(Source data)
= = = = = = =
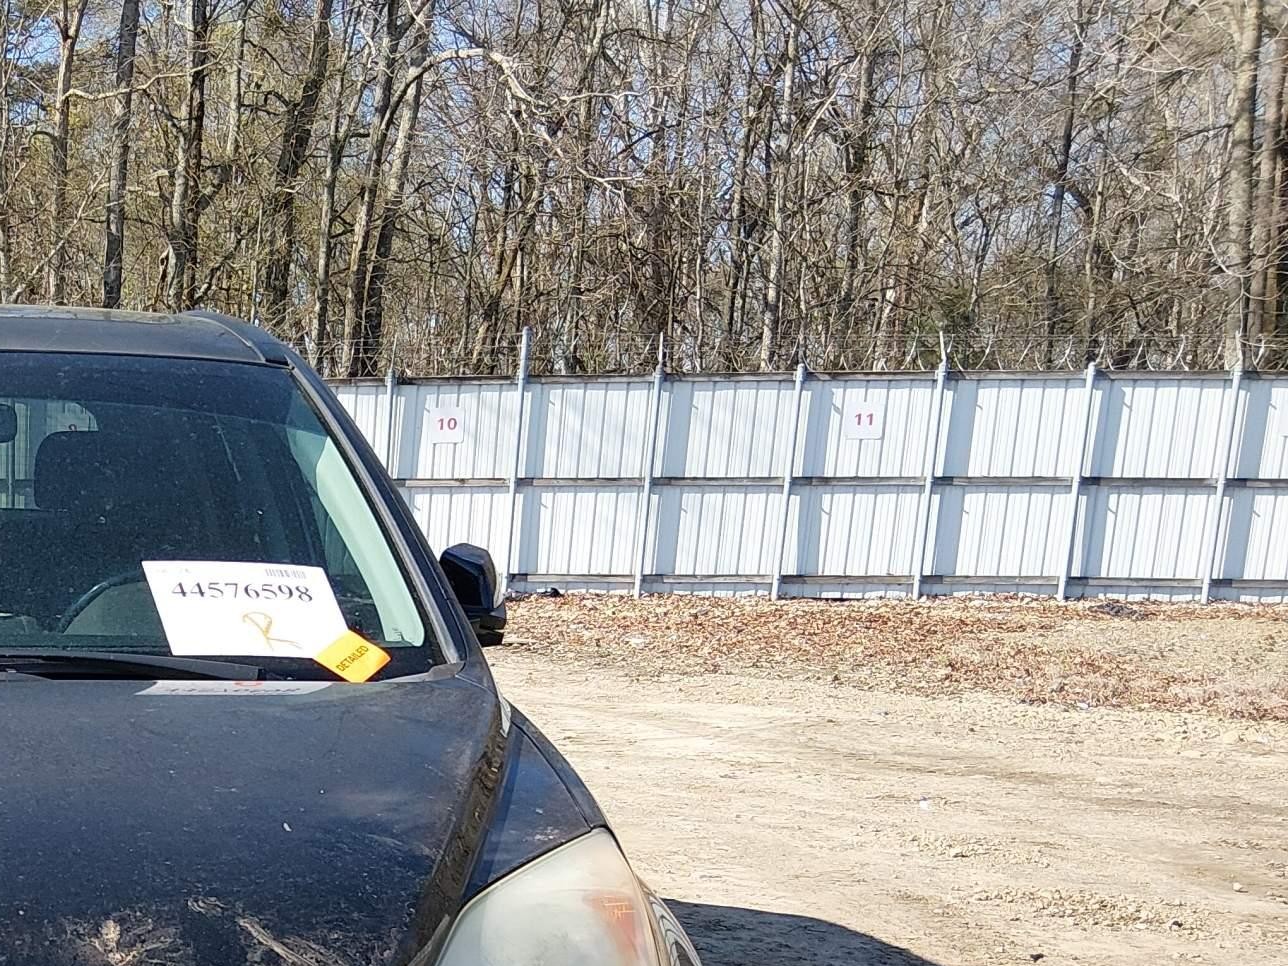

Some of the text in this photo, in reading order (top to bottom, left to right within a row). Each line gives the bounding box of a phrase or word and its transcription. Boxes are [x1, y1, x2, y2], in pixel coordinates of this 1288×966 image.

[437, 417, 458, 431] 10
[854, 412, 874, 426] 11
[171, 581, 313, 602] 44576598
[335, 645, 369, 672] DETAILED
= = = = = = =
> Required work:
The full text of the data above, exact and without pictures, is what to return.

> Answer:
Some of the text in this photo, in reading order (top to bottom, left to right within a row). Each line gives the bounding box of a phrase or word and its transcription. Boxes are [x1, y1, x2, y2], in pixel coordinates of this 1288×966 image.

[437, 417, 458, 431] 10
[854, 412, 874, 426] 11
[171, 581, 313, 602] 44576598
[335, 645, 369, 672] DETAILED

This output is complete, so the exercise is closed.